### EXERCISE REQUIREMENTS
Here is a listing. Reproduce it exactly.

### PROVIDED RECORDS
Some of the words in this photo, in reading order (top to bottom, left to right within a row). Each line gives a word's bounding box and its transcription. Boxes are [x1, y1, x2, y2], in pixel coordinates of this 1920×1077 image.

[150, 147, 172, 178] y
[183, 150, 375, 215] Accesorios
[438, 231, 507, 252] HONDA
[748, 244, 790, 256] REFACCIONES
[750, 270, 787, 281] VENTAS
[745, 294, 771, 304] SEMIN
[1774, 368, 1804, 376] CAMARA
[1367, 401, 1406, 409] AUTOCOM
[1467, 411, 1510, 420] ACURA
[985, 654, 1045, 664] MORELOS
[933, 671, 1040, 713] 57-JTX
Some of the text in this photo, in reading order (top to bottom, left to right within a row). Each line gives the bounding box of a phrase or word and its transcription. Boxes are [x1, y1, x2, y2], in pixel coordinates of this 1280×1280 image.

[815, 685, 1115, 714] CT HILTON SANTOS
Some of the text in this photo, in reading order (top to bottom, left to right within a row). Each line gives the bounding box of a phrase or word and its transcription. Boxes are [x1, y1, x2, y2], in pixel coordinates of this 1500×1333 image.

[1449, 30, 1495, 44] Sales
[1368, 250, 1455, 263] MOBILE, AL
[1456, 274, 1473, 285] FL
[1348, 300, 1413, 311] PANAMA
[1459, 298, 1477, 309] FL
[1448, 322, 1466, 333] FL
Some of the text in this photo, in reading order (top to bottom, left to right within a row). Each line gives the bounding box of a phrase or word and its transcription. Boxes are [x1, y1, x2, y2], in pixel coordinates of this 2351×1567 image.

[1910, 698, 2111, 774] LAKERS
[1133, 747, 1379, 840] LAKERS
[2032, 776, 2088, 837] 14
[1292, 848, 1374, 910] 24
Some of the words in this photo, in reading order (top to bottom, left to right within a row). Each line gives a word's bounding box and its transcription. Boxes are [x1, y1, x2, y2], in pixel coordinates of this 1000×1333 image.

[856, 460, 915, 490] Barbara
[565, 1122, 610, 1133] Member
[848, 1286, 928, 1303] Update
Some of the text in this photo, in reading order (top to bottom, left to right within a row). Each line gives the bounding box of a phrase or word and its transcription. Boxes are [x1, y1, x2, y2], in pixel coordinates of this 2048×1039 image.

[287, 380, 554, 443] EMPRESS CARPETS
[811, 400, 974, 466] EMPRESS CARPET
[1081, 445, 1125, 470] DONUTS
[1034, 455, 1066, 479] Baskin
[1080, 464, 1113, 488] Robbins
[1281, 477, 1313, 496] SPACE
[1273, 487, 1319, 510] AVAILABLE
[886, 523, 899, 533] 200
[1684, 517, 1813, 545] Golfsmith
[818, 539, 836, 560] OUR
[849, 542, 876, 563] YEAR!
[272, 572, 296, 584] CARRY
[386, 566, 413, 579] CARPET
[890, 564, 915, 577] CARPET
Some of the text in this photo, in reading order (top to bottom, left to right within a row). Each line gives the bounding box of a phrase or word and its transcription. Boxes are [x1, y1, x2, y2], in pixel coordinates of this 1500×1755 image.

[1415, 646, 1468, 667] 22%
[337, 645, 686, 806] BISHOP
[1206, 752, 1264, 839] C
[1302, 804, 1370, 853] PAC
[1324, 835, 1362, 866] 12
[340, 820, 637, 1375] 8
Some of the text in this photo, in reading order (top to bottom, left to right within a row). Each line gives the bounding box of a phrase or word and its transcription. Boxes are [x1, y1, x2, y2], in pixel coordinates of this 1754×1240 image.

### WRITTEN SOLUTION
Some of the words in this photo, in reading order (top to bottom, left to right within a row). Each line gives a word's bounding box and its transcription. Boxes are [x1, y1, x2, y2], in pixel coordinates of this 1920×1077 image.

[150, 147, 172, 178] y
[183, 150, 375, 215] Accesorios
[438, 231, 507, 252] HONDA
[748, 244, 790, 256] REFACCIONES
[750, 270, 787, 281] VENTAS
[745, 294, 771, 304] SEMIN
[1774, 368, 1804, 376] CAMARA
[1367, 401, 1406, 409] AUTOCOM
[1467, 411, 1510, 420] ACURA
[985, 654, 1045, 664] MORELOS
[933, 671, 1040, 713] 57-JTX
Some of the text in this photo, in reading order (top to bottom, left to right within a row). Each line gives the bounding box of a phrase or word and its transcription. Boxes are [x1, y1, x2, y2], in pixel coordinates of this 1280×1280 image.

[815, 685, 1115, 714] CT HILTON SANTOS
Some of the text in this photo, in reading order (top to bottom, left to right within a row). Each line gives the bounding box of a phrase or word and its transcription. Boxes are [x1, y1, x2, y2], in pixel coordinates of this 1500×1333 image.

[1449, 30, 1495, 44] Sales
[1368, 250, 1455, 263] MOBILE, AL
[1456, 274, 1473, 285] FL
[1348, 300, 1413, 311] PANAMA
[1459, 298, 1477, 309] FL
[1448, 322, 1466, 333] FL
Some of the text in this photo, in reading order (top to bottom, left to right within a row). Each line gives the bounding box of a phrase or word and its transcription. Boxes are [x1, y1, x2, y2], in pixel coordinates of this 2351×1567 image.

[1910, 698, 2111, 774] LAKERS
[1133, 747, 1379, 840] LAKERS
[2032, 776, 2088, 837] 14
[1292, 848, 1374, 910] 24
Some of the words in this photo, in reading order (top to bottom, left to right within a row). Each line gives a word's bounding box and its transcription. Boxes are [x1, y1, x2, y2], in pixel coordinates of this 1000×1333 image.

[856, 460, 915, 490] Barbara
[565, 1122, 610, 1133] Member
[848, 1286, 928, 1303] Update
Some of the text in this photo, in reading order (top to bottom, left to right within a row). Each line gives the bounding box of a phrase or word and its transcription. Boxes are [x1, y1, x2, y2], in pixel coordinates of this 2048×1039 image.

[287, 380, 554, 443] EMPRESS CARPETS
[811, 400, 974, 466] EMPRESS CARPET
[1081, 445, 1125, 470] DONUTS
[1034, 455, 1066, 479] Baskin
[1080, 464, 1113, 488] Robbins
[1281, 477, 1313, 496] SPACE
[1273, 487, 1319, 510] AVAILABLE
[886, 523, 899, 533] 200
[1684, 517, 1813, 545] Golfsmith
[818, 539, 836, 560] OUR
[849, 542, 876, 563] YEAR!
[272, 572, 296, 584] CARRY
[386, 566, 413, 579] CARPET
[890, 564, 915, 577] CARPET
Some of the text in this photo, in reading order (top to bottom, left to right within a row). Each line gives the bounding box of a phrase or word and its transcription. Boxes are [x1, y1, x2, y2], in pixel coordinates of this 1500×1755 image.

[1415, 646, 1468, 667] 22%
[337, 645, 686, 806] BISHOP
[1206, 752, 1264, 839] C
[1302, 804, 1370, 853] PAC
[1324, 835, 1362, 866] 12
[340, 820, 637, 1375] 8
Some of the text in this photo, in reading order (top to bottom, left to right within a row). Each line gives the bounding box of a phrase or word and its transcription. Boxes are [x1, y1, x2, y2], in pixel coordinates of this 1754×1240 image.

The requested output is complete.